#### [SUPPLIED INFORMATION]
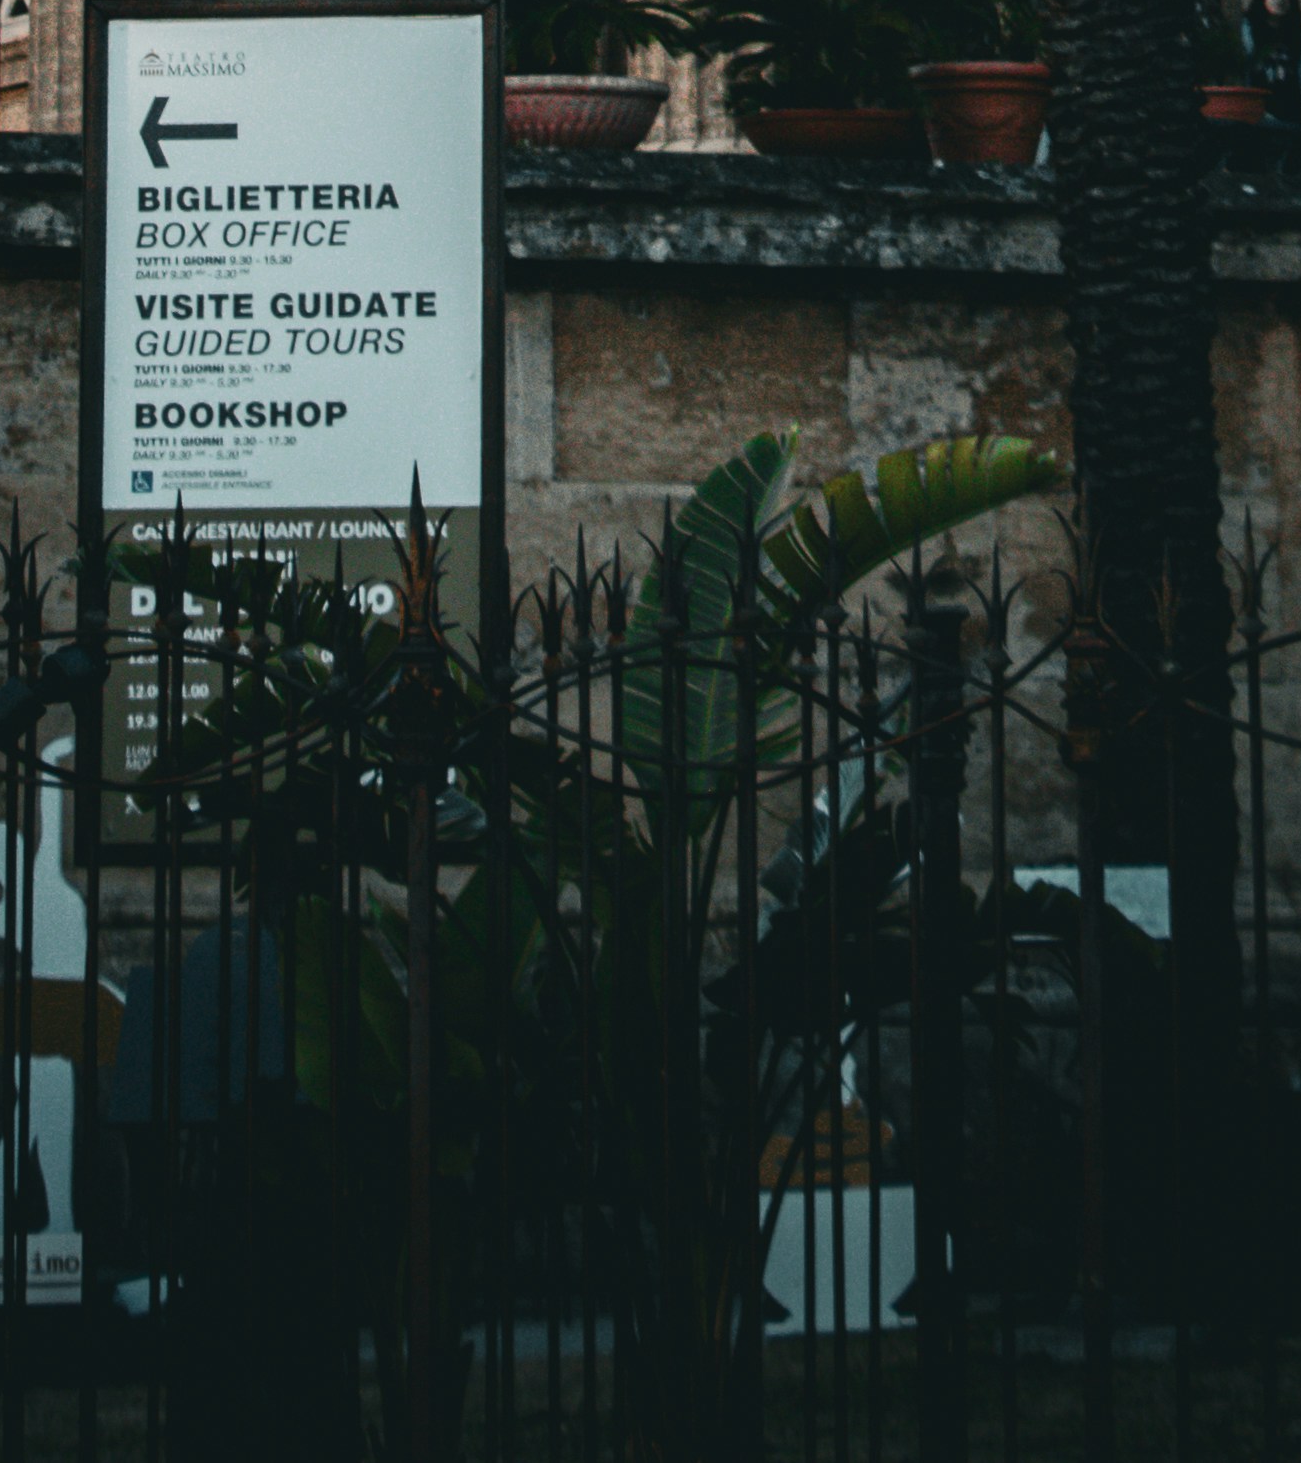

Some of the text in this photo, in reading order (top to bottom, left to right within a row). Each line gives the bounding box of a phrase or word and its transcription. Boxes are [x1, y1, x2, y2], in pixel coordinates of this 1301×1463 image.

[167, 51, 245, 62] TEATRO
[166, 62, 246, 76] MASSIMO
[137, 183, 400, 212] BIGLIETTERIA
[135, 219, 350, 249] BOX OFFICE
[136, 256, 171, 266] TUTTI
[183, 255, 226, 266] GIORNI
[135, 269, 167, 280] DAILY
[135, 292, 437, 320] VISITE GUIDATE
[135, 327, 406, 356] GUIDED TOURS
[134, 365, 170, 375] TUTTI
[182, 364, 225, 374] GIORNI
[134, 378, 166, 388] DAILY
[135, 401, 347, 428] BOOKSHOP
[133, 437, 169, 447] TUTTI
[181, 437, 224, 446] GIORNI
[132, 450, 165, 460] DAILY
[196, 521, 314, 540] RESTAURANT
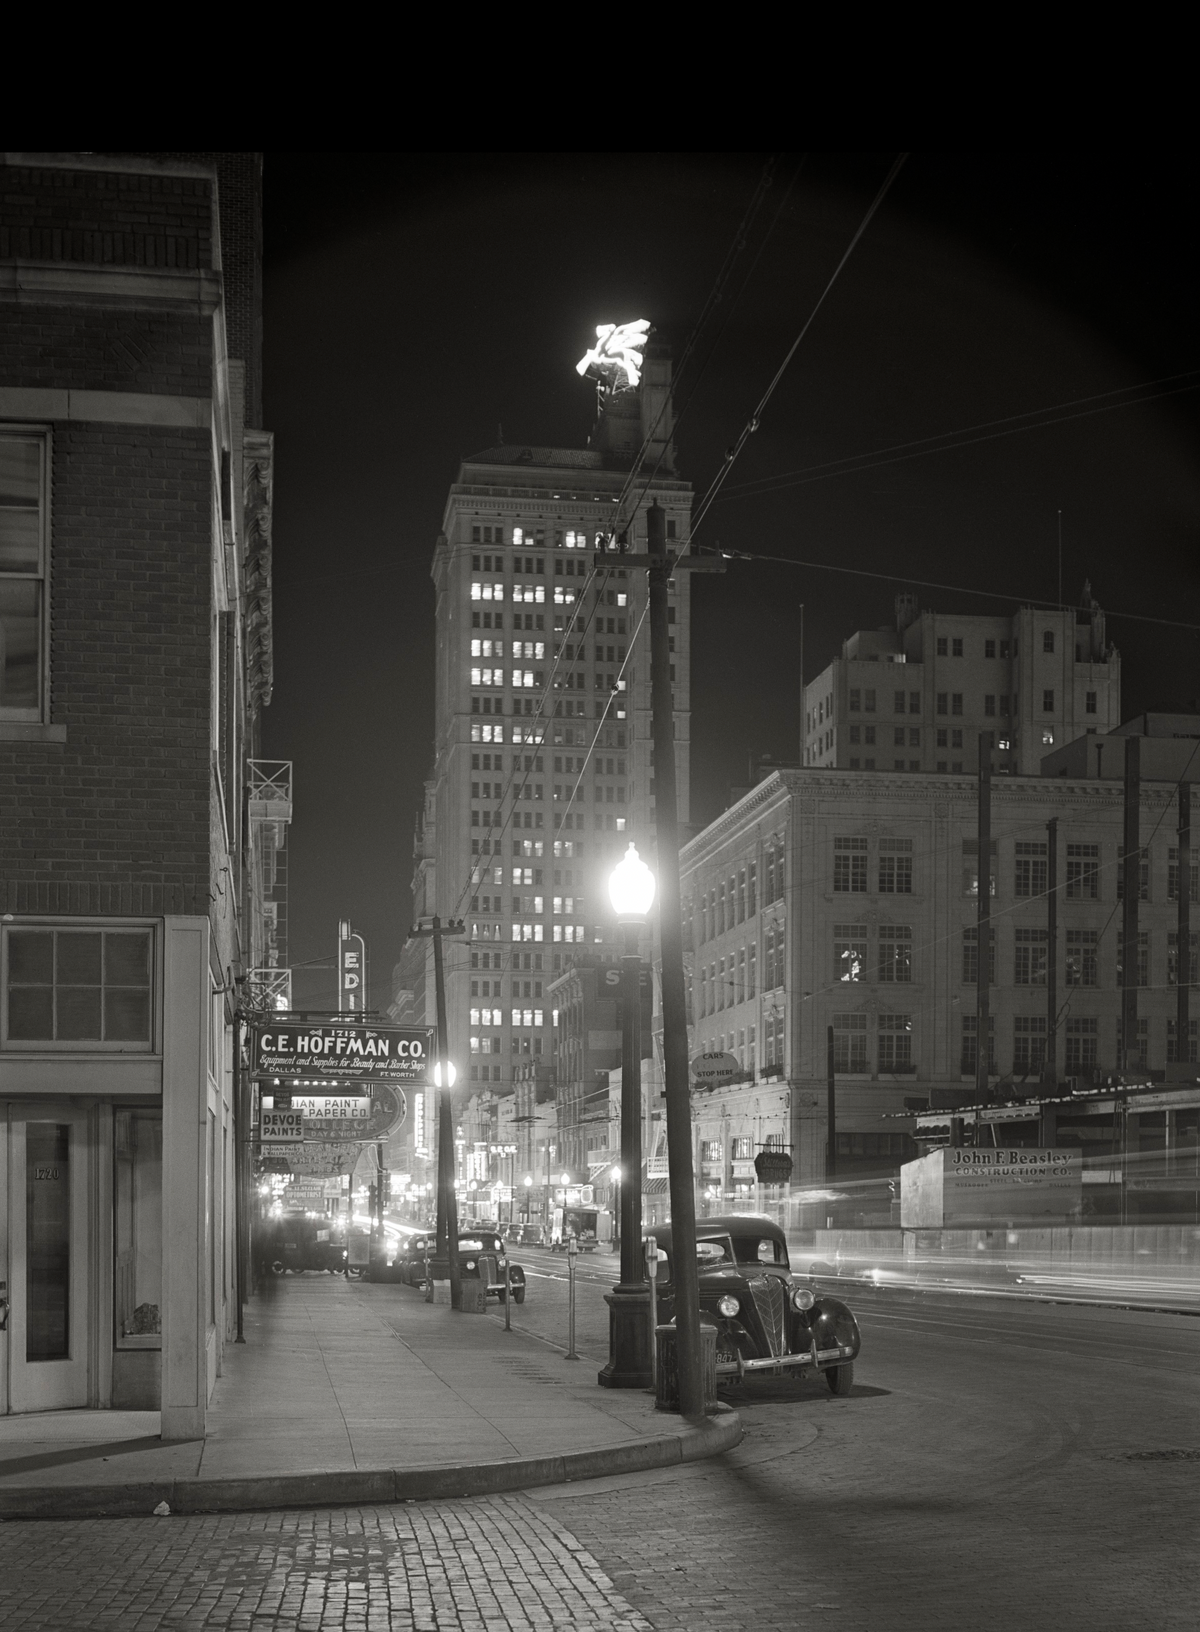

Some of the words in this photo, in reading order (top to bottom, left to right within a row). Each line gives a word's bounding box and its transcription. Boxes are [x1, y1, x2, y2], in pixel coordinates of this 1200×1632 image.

[331, 1029, 357, 1037] 1712
[261, 1034, 294, 1052] C.E.
[297, 1035, 389, 1056] HOFFMAN
[397, 1040, 426, 1058] CO.
[260, 1054, 297, 1068] Equipment
[296, 1056, 312, 1065] and
[311, 1055, 339, 1068] Supplies
[339, 1057, 351, 1067] for
[350, 1057, 376, 1072] Beauty
[375, 1059, 390, 1069] and
[388, 1059, 410, 1070] Barber
[409, 1060, 426, 1072] Shops
[697, 1070, 715, 1078] STOP
[325, 1100, 360, 1108] PAINT
[352, 1109, 369, 1118] CO.
[263, 1114, 302, 1126] DEVOE
[308, 1118, 376, 1130] OLLEGE
[263, 1127, 302, 1136] PAINTS
[952, 1150, 991, 1165] John
[995, 1151, 1005, 1165] F.
[1008, 1150, 1073, 1166] Beasley
[35, 1168, 59, 1180] 1720
[955, 1167, 1046, 1176] CONSTRUCTION
[1052, 1167, 1072, 1176] CO.
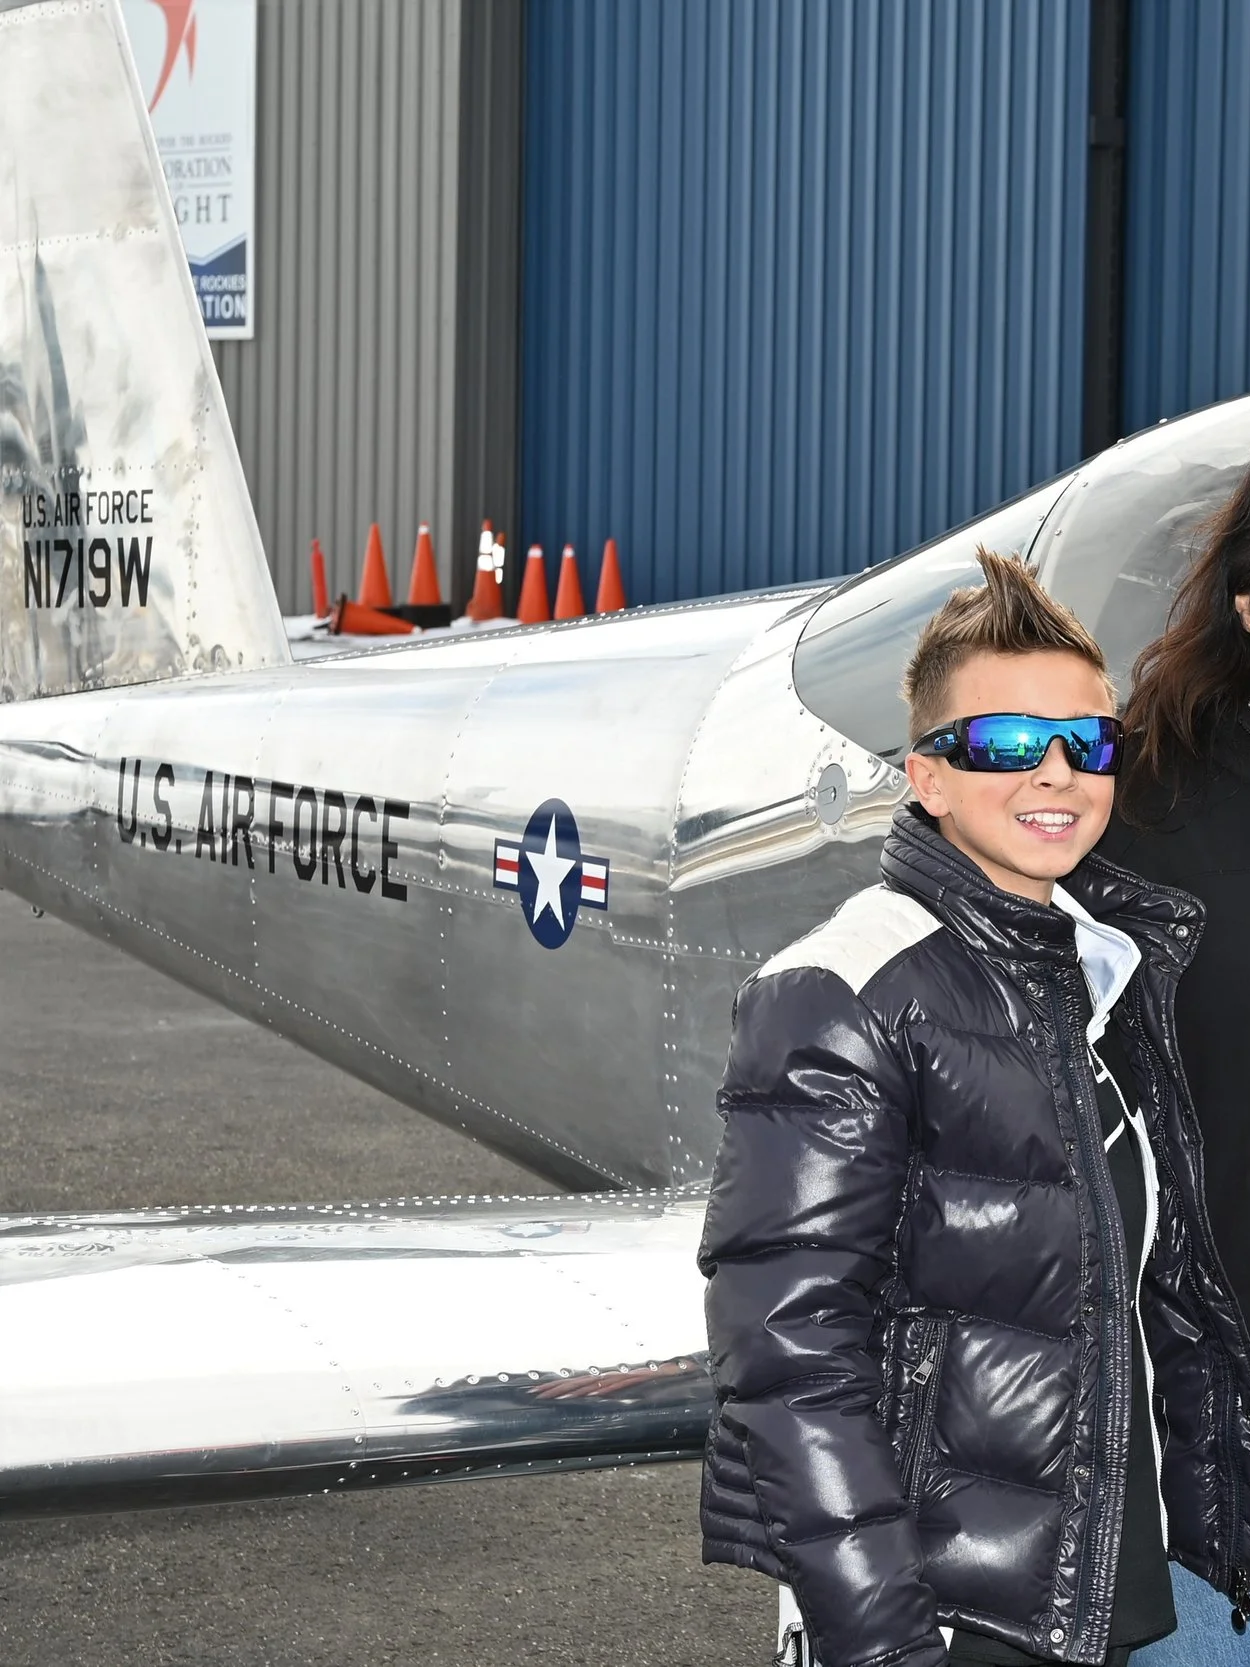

#### [ACTIVITY]
Please transcribe the entries exactly, omitting the images.

#### [RESPONSE BOX]
Some of the text in this photo, in reading order (top to bottom, left to right within a row). Each line gives the bounding box of a phrase or word and its transcription. Boxes are [x1, y1, x2, y2], in pixel coordinates of this 1301×1463 image.

[167, 51, 245, 62] TEATRO
[166, 62, 246, 76] MASSIMO
[137, 183, 400, 212] BIGLIETTERIA
[135, 219, 350, 249] BOX OFFICE
[136, 256, 171, 266] TUTTI
[183, 255, 226, 266] GIORNI
[135, 269, 167, 280] DAILY
[135, 292, 437, 320] VISITE GUIDATE
[135, 327, 406, 356] GUIDED TOURS
[134, 365, 170, 375] TUTTI
[182, 364, 225, 374] GIORNI
[134, 378, 166, 388] DAILY
[135, 401, 347, 428] BOOKSHOP
[133, 437, 169, 447] TUTTI
[181, 437, 224, 446] GIORNI
[132, 450, 165, 460] DAILY
[196, 521, 314, 540] RESTAURANT

Some of the words in this photo, in reading order (top to bottom, left to right within a row). Each line gives a word's bounding box and its transcription. Boxes are [x1, y1, x2, y2], in pixel coordinates of this 1200×1632 image.

[331, 1029, 357, 1037] 1712
[261, 1034, 294, 1052] C.E.
[297, 1035, 389, 1056] HOFFMAN
[397, 1040, 426, 1058] CO.
[260, 1054, 297, 1068] Equipment
[296, 1056, 312, 1065] and
[311, 1055, 339, 1068] Supplies
[339, 1057, 351, 1067] for
[350, 1057, 376, 1072] Beauty
[375, 1059, 390, 1069] and
[388, 1059, 410, 1070] Barber
[409, 1060, 426, 1072] Shops
[697, 1070, 715, 1078] STOP
[325, 1100, 360, 1108] PAINT
[352, 1109, 369, 1118] CO.
[263, 1114, 302, 1126] DEVOE
[308, 1118, 376, 1130] OLLEGE
[263, 1127, 302, 1136] PAINTS
[952, 1150, 991, 1165] John
[995, 1151, 1005, 1165] F.
[1008, 1150, 1073, 1166] Beasley
[35, 1168, 59, 1180] 1720
[955, 1167, 1046, 1176] CONSTRUCTION
[1052, 1167, 1072, 1176] CO.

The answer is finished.